Wissenschaftler identifizierten in Experimenten mit Mäusen einen Stressmechanismus, der als eine Art „sozialer Schalter“ agiert: Er bringt Mäuse dazu, entweder die Beziehungen mit „Freunden“ und „Bekannten“ zu intensivieren oder sie einzuschränken und stattdessen den Kontakt zu „Fremden“ zu suchen. Menschen verarbeiten Stress im Gehirn mithilfe eines ähnlichen Systems wie Mäuse. Deshalb dürfte der besagte Stressmechanismus auch bei Menschen den Umgang mit sozialen Herausforderungen regulieren. Störungen im Zusammenhang mit diesem Mechanismus könnten für Schwierigkeiten im Sozialverhalten bei Patienten verantwortlich sein, die an Angststörungen, Autismus, Schizophrenie oder ähnlichen Erkrankungen leiden.

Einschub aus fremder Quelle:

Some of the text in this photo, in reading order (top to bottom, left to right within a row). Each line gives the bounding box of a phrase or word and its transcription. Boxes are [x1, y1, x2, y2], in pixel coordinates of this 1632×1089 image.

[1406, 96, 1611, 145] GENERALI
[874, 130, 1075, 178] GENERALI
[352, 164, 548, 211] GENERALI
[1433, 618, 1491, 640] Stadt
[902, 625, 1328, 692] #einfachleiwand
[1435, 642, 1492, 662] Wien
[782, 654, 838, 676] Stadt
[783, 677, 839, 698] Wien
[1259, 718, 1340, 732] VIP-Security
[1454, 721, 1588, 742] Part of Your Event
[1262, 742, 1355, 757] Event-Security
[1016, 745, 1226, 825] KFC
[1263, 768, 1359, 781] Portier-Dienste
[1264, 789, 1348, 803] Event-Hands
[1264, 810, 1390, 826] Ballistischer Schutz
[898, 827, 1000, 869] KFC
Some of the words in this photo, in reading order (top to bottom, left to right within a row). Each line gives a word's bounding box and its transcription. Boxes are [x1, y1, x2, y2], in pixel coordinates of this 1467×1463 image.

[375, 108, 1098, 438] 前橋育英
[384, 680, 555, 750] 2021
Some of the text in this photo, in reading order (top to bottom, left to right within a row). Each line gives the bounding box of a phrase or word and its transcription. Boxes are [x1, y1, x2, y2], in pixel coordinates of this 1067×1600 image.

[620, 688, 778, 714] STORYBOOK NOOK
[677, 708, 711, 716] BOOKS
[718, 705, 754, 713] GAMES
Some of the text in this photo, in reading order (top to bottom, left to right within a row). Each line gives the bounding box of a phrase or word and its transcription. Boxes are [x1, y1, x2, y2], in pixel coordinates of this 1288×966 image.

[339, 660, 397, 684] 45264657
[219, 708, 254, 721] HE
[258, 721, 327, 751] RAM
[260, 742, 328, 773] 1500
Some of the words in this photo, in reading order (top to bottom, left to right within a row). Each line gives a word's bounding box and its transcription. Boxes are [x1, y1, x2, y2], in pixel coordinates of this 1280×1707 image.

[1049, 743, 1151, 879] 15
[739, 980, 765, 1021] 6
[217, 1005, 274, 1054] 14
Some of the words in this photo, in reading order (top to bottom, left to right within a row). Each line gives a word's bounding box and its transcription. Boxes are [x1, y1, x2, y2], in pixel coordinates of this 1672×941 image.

Um herauszufinden, wie Mäuse sich im Kontakt mit Artgenossen verhalten, installierten die Wissenschaftler für ihre Studie zwei verschiedene Versuchsaufbauten. Im „sozialen Labyrinth“ konnten Mäuse wählen, ob sie durch einen Maschendraht Kontakt mit vertrauten oder fremden Mäusen aufnehmen, oder ob sie Kontakt generell vermeiden. Im anderen Versuchsaufbau konnten die Mäuse sich in der Gruppe frei bewegen. Ihre Bewegungen wurden dabei durch Videokameras mit einem eigens dafür programmierten Computerprogramm aufgezeichnet und analysiert. Dieser Versuchsaufbau ermöglichte es, die Mäuse der zweiten Gruppe über mehrere Tage bei verschiedenen Arten sozialer Interaktion wie Annäherung, Kontakt, Angriff oder Verfolgung kontinuierlich zu beobachten.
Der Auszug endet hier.